Va bene la sincera amicizia, sentimento che pienamente condivido, nei confronti degli amici di oltrefrontiera, della bella e ricca Repubblica austriaca, va benissimo la collaborazione transfrontaliera su questioni di comune interesse, va ancora bene finanche la piena consapevolezza dei percorsi storici comuni che hanno intrecciato la storia di Alto Adige e Austria nel bene e anche, purtroppo, nel male (si veda la dura politica repressiva della libertà nazionale italiana esercitata dall’Impero asburgico nei lunghi anni della sua dominazione).

Ma quello che lascia perlomeno un poco sorpresi è che ora si festeggino in una cornice di para istituzionalità anche le festività nazionali austriache con tanto di patrocinio del Consiglio provinciale (si veda invito alla cerimonia organizzata da una associazione di amicizia Alto Adige-Austria a cui ha dato la conferma della propria partecipazione anche il Presidente del Consiglio provinciale di Bolzano).

Quello che appare perlomeno poco elegante è la partecipazione ufficiale con tanto di concessione del logo da parte del Consiglio provinciale. Nulla in contrario alla amicizia, lo ribadisco (solo nei giorni scorsi ho partecipato proprio con una delegazione del Consiglio provinciale ad una visita istituzionale a Vienna, ed è stata occasione di feconde relazioni ma anche della conferma dell’imbarazzo di Vienna su alcuni eccessi “amorosi” di taluni in Alto Adige per la Repubblica d’Oltrebrennero, per esempio in tema di doppia cittadinanza che sinora l’Austria non intende in alcun modo prevedere). Ma proprio perché il Consiglio provinciale è il luogo di tutti e custode delle sensibilità di tutti appare singolare come non abbia deliberatamente partecipato ai festeggiamenti dell’Unità d’Italia (celebre il comunicato dell’allora presidente Unterberger che definiva quella una celebrazione “degli altri”, quindi che vedeva il Consiglio provinciale organo “terzo”) ma celebri ora la festa nazionale dell’indipendenza dell’Austria con tanto di patrocinio che l’Adunata di pace ed amicizia degli Alpini poteva solo sognare. Ed infatti è rimasto un sogno.

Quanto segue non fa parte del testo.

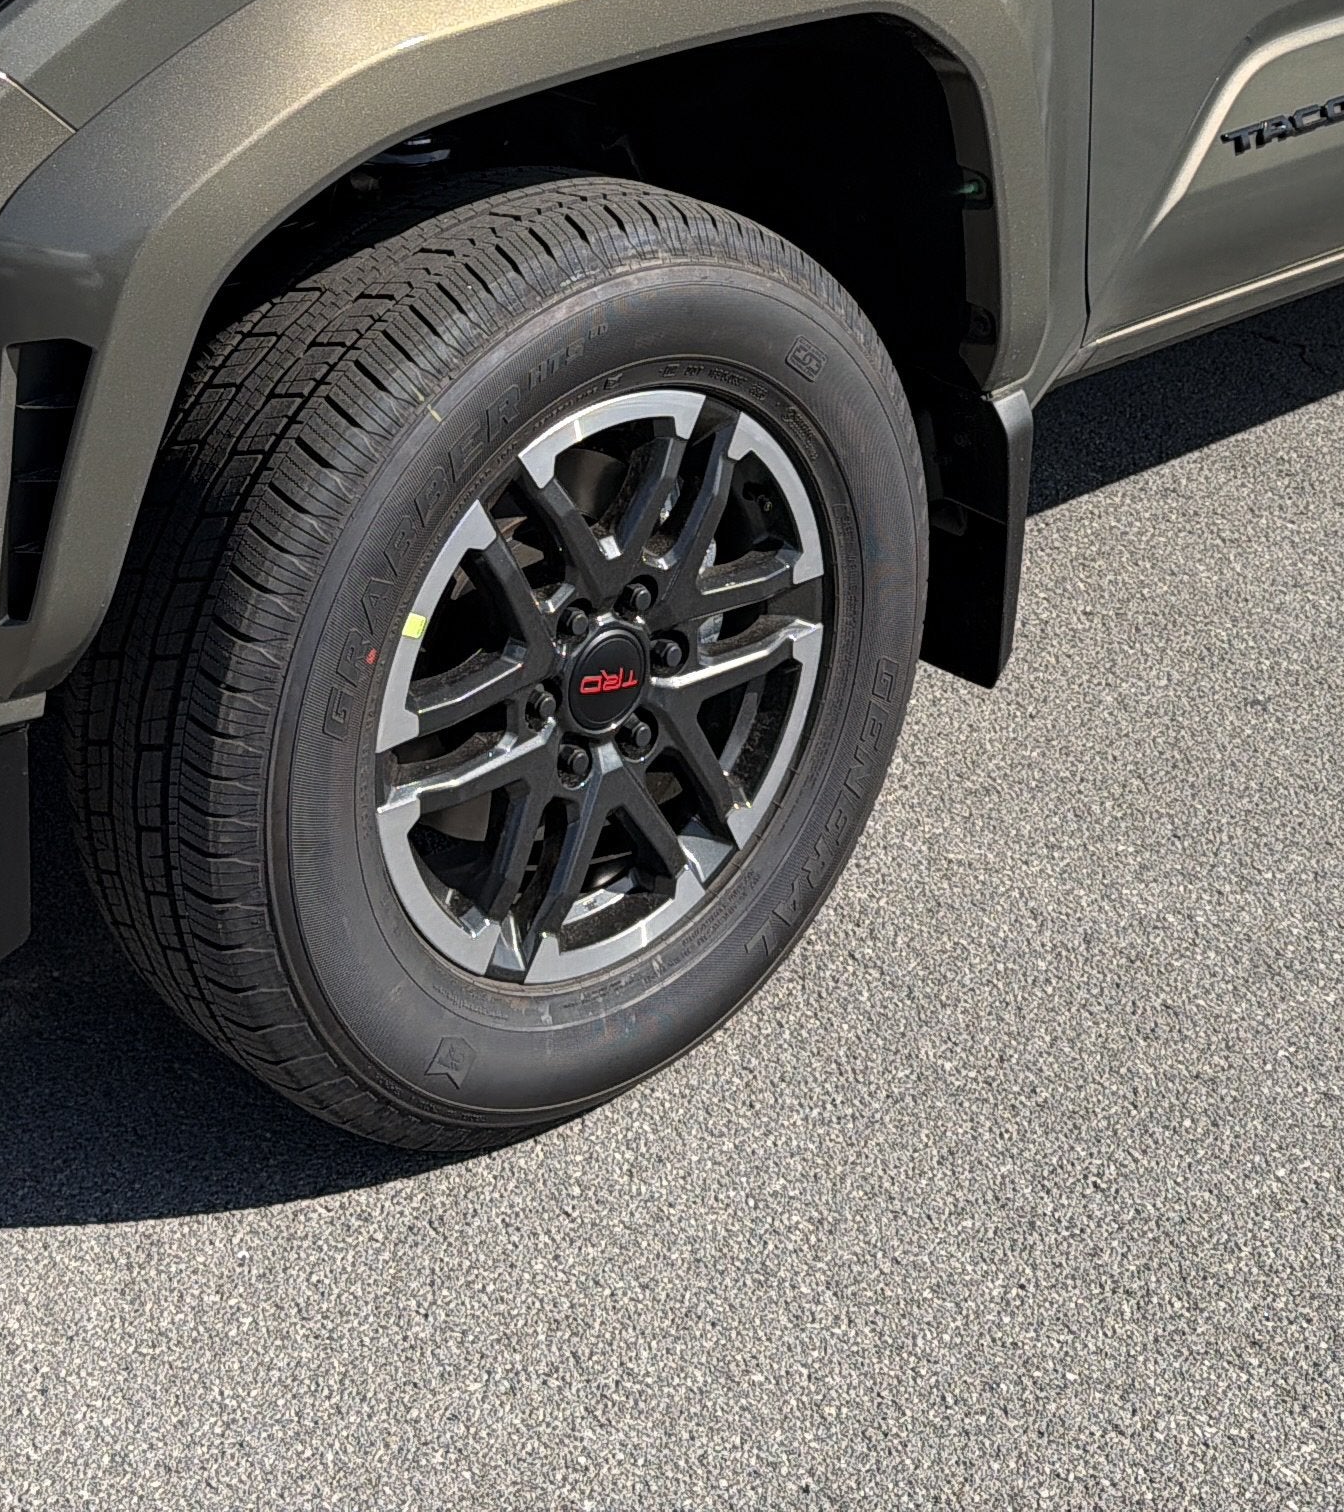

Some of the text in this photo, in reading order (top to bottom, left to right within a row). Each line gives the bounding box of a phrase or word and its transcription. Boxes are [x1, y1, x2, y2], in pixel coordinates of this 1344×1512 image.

[322, 384, 521, 742] GRABBER
[580, 668, 639, 695] TRD
[744, 655, 901, 957] GENERAL

Quello che si chiede, anche e soprattutto dopo il pasticcio dell’errore di valutazione sulla concessione dell’aula del Consiglio provinciale “di tutti” per una manifestazione politica promossa da una forza secessionista, è che si abbia e si dimostri maggiore delicatezza, attenzione, equilibrio e perlomeno si adotti il sempre buon rimedio della reciprocità.

 

Tutto questo premesso e considerato

 

SI INTERROGA

IL PRESIDENTE DEL CONSIGLIO PROVINCIALE

per sapere:

  1. Se non si ritenga un controsenso non aderire alle celebrazioni per l’Unità d’Italia ma poi dare il patrocinio ad una manifestazione di celebrazione della Liberazione nazionale austriaca;
  2. Se sia stato dato il patrocinio ufficiale alla manifestazione di cui in premessa (allegato invito) e se sia stata deliberata la concessione del logo del Consiglio provinciale, con quale atto e chi vi abbia votato a favore, se esso è stato discusso in Ufficio di presidenza;
  3. Se la partecipazione ufficiale del Consiglio provinciale alla cerimonia di cui in premessa sia accompagnata anche dalla concessione di un contributo e in caso di risposta affermativa per quale importo.